Two terms are key in Schweitzer's framework: the “will-to-live” and “reverence for life”. Both leave much to be desired in terms of clarity, so let's begin with the will-to-live. Schweitzer starts by focusing on his own human condition: he is a life, and that life wills to continue living. Afterward, there is an immediate move to extend the same analysis to all entities that seemly express the same will. This will consists of both a creative faculty as well as destructive. The former holds in the sense that one is disposed toward life in such a manner that new relationships are established between oneself and others that involve assistance in enabling the will-to-live of others to flourish. While the thought of such relations may be inspired by entities and phenomena external to oneself, the activity one engages in to substantiate such relationships is purely an inward struggle, and one cannot rely on external entities to initiate such a constructive force. The will-to-live is destructive in the sense that it is utterly individualistic, and in the struggle to express itself, it overpowers and nullifies other entities that are also trying to express a will-to-live. This is basically the survival aspect of the duality.

While the will-to-live is a motivating drive featuring what appears to be two opposing faculties, having a reverence for life is to view this opposition as an unfortunate enigma in which the destructive aspect is seemingly unavoidable and quite unfavorable. The latter is even more so the case given that the reverence interprets all those with a will-to-live as having equal value. One of Singer's criticisms is that Schweitzer's life itself is nonsensical in that he advocates a reverence for life while being involved in practices that both assist life and take it. Schweitzer is quite aware of this problem and Singer completely misses the point. The framework of the reverence for life is hardly logical, and thus seems problematic as an ethical disposition. The reverence is unique not so much in its nature, which it is, but more so in how uncommon it is. The far more popular notion is to involve oneself in affairs that are practical, and often survivalist. This is not completely problematic for Schweitzer, but becomes an issue when one's concern towards others conflicts with practical discourse.

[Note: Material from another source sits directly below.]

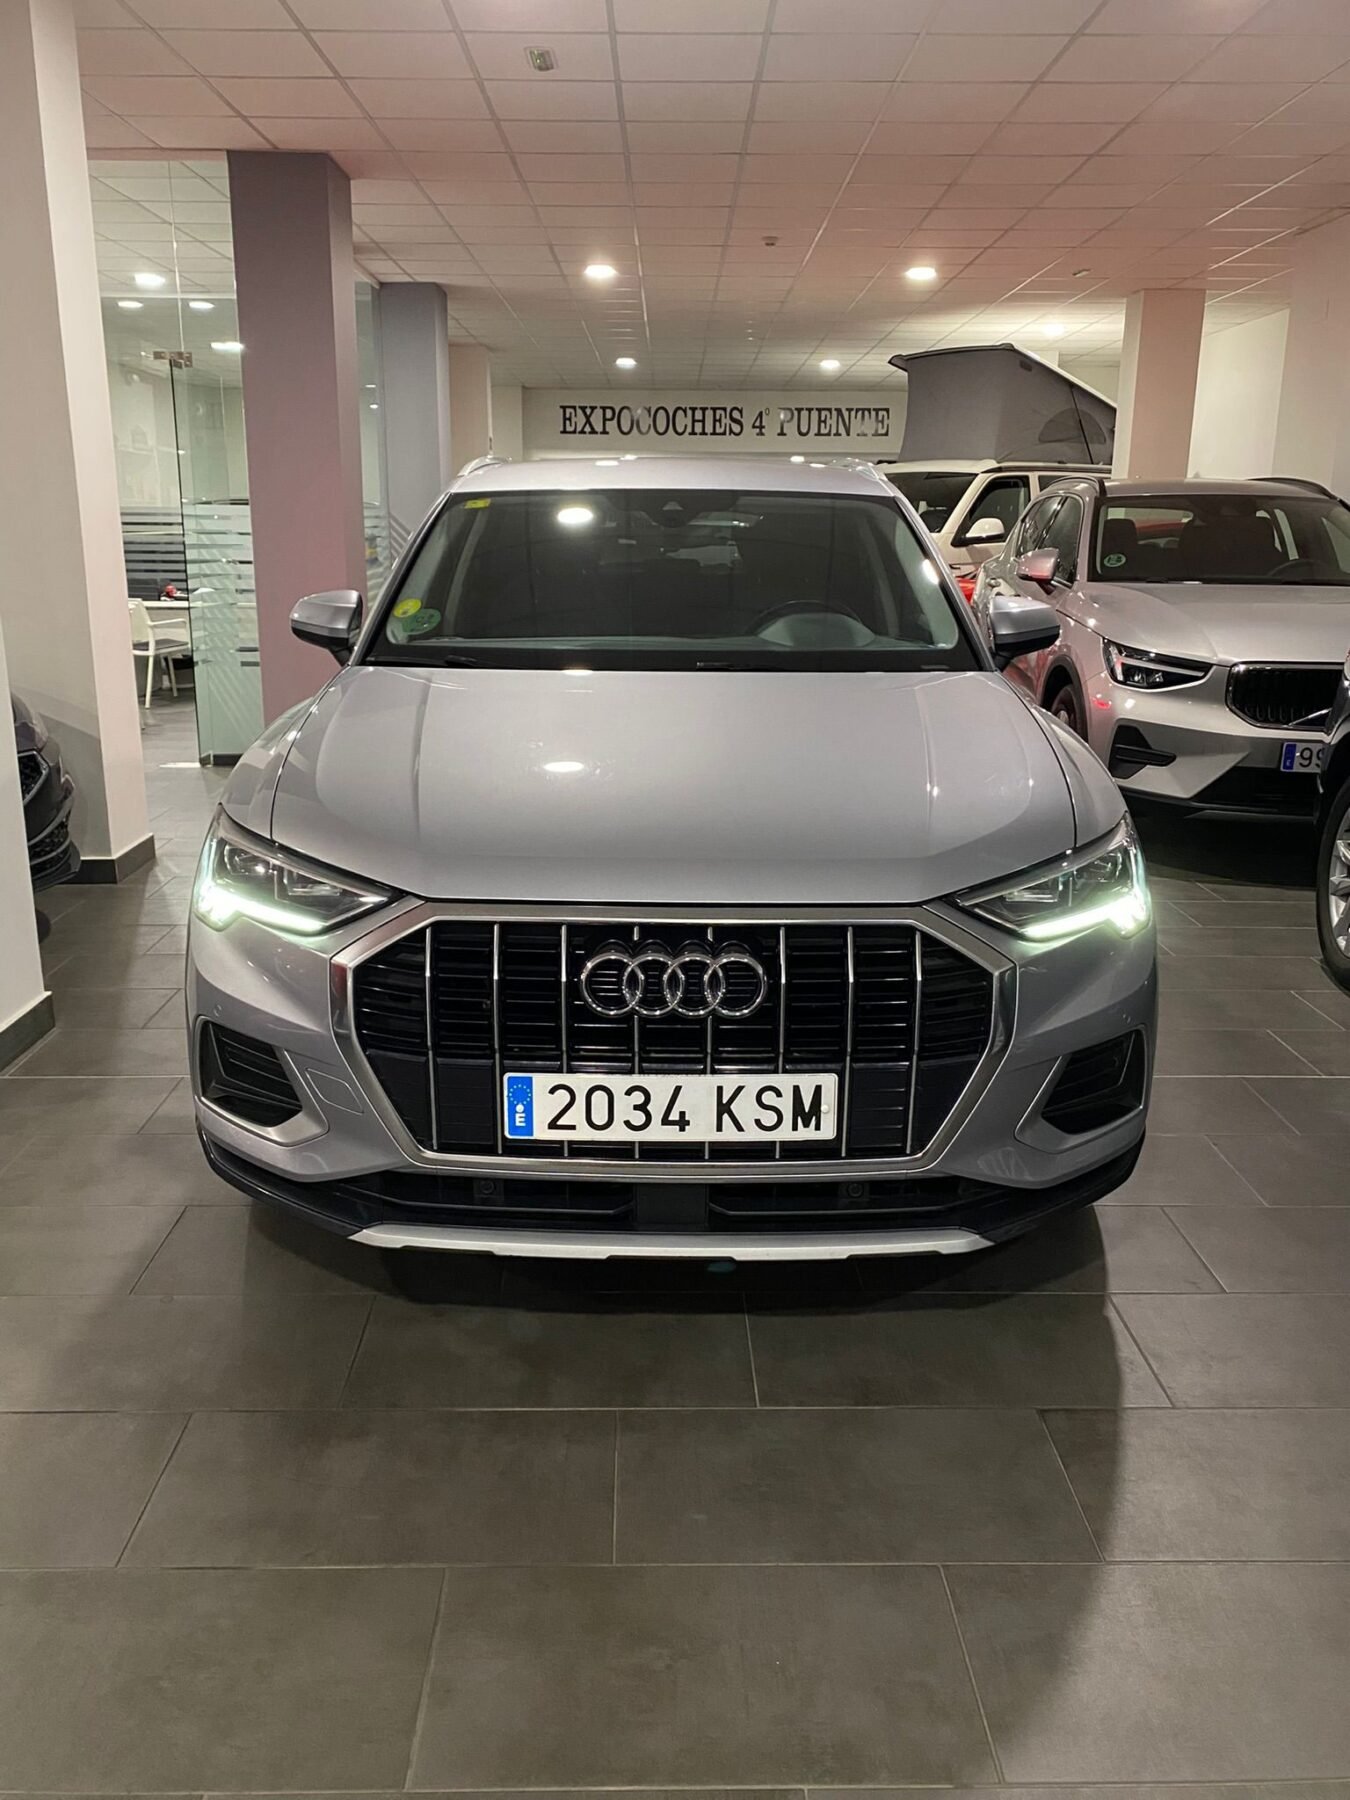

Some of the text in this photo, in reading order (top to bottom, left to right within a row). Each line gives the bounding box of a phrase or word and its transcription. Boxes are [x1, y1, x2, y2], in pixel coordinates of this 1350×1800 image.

[559, 405, 744, 436] EXPOCOCHES
[777, 407, 890, 437] PUENTE
[515, 1084, 823, 1133] E 2034 KSM

Since such a disposition is to offer active care in regards to others on the grounds that they posses a will-to-live, such devotion must be made also in regards to oneself. In this sense, it is a kind of self-devotion that initiates an ethical concern toward others. The reverence for life views all with the will-to-live as beautiful and worthy of generous enterprise. Anyone who has such reverence is also in a state in which one views oneself as beautiful and worthy of generosity, and the latter is expressed in a way that answers to one's personal calling. Ethics, in Schweitzer's view, is thus a type of self-devotion that involves a reverence to life by acknowledging one's concerns regarding the will-to-live of others. Seeing as the reverence is a self-observing state, one cannot depend on the external world to provide the means to act accordingly, and instead one must rely on oneself to enact the creative faculty of the will-to-live. Given this, one is condemned to be aware of whether or not one is answering one's calling.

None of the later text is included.